--- Assigned task ---
Please repeat the data shown below, word for word.

--- Data for processing ---
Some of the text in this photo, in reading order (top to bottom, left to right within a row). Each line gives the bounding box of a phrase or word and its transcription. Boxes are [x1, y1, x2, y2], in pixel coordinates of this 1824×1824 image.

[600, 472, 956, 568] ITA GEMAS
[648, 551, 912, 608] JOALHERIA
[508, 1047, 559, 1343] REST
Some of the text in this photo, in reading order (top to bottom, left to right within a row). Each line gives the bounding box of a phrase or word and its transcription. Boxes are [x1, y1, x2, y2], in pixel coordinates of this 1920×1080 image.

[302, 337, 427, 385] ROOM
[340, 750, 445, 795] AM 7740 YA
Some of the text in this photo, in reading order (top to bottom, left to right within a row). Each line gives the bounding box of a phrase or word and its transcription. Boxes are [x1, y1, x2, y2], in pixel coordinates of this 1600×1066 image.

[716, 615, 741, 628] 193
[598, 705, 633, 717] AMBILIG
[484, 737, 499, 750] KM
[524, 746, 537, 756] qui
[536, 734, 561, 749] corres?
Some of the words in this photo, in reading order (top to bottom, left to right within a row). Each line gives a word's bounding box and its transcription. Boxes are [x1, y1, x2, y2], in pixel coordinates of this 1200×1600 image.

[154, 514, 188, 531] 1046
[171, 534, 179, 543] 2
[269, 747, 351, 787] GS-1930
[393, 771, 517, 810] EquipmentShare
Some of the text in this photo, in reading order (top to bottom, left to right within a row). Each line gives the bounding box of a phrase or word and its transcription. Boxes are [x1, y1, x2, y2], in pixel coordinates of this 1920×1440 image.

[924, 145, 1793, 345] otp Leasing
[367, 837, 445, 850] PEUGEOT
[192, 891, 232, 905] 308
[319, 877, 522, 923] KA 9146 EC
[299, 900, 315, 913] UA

--- Exercise output ---
Some of the text in this photo, in reading order (top to bottom, left to right within a row). Each line gives the bounding box of a phrase or word and its transcription. Boxes are [x1, y1, x2, y2], in pixel coordinates of this 1824×1824 image.

[600, 472, 956, 568] ITA GEMAS
[648, 551, 912, 608] JOALHERIA
[508, 1047, 559, 1343] REST
Some of the text in this photo, in reading order (top to bottom, left to right within a row). Each line gives the bounding box of a phrase or word and its transcription. Boxes are [x1, y1, x2, y2], in pixel coordinates of this 1920×1080 image.

[302, 337, 427, 385] ROOM
[340, 750, 445, 795] AM 7740 YA
Some of the text in this photo, in reading order (top to bottom, left to right within a row). Each line gives the bounding box of a phrase or word and its transcription. Boxes are [x1, y1, x2, y2], in pixel coordinates of this 1600×1066 image.

[716, 615, 741, 628] 193
[598, 705, 633, 717] AMBILIG
[484, 737, 499, 750] KM
[524, 746, 537, 756] qui
[536, 734, 561, 749] corres?
Some of the words in this photo, in reading order (top to bottom, left to right within a row). Each line gives a word's bounding box and its transcription. Boxes are [x1, y1, x2, y2], in pixel coordinates of this 1200×1600 image.

[154, 514, 188, 531] 1046
[171, 534, 179, 543] 2
[269, 747, 351, 787] GS-1930
[393, 771, 517, 810] EquipmentShare
Some of the text in this photo, in reading order (top to bottom, left to right within a row). Each line gives the bounding box of a phrase or word and its transcription. Boxes are [x1, y1, x2, y2], in pixel coordinates of this 1920×1440 image.

[924, 145, 1793, 345] otp Leasing
[367, 837, 445, 850] PEUGEOT
[192, 891, 232, 905] 308
[319, 877, 522, 923] KA 9146 EC
[299, 900, 315, 913] UA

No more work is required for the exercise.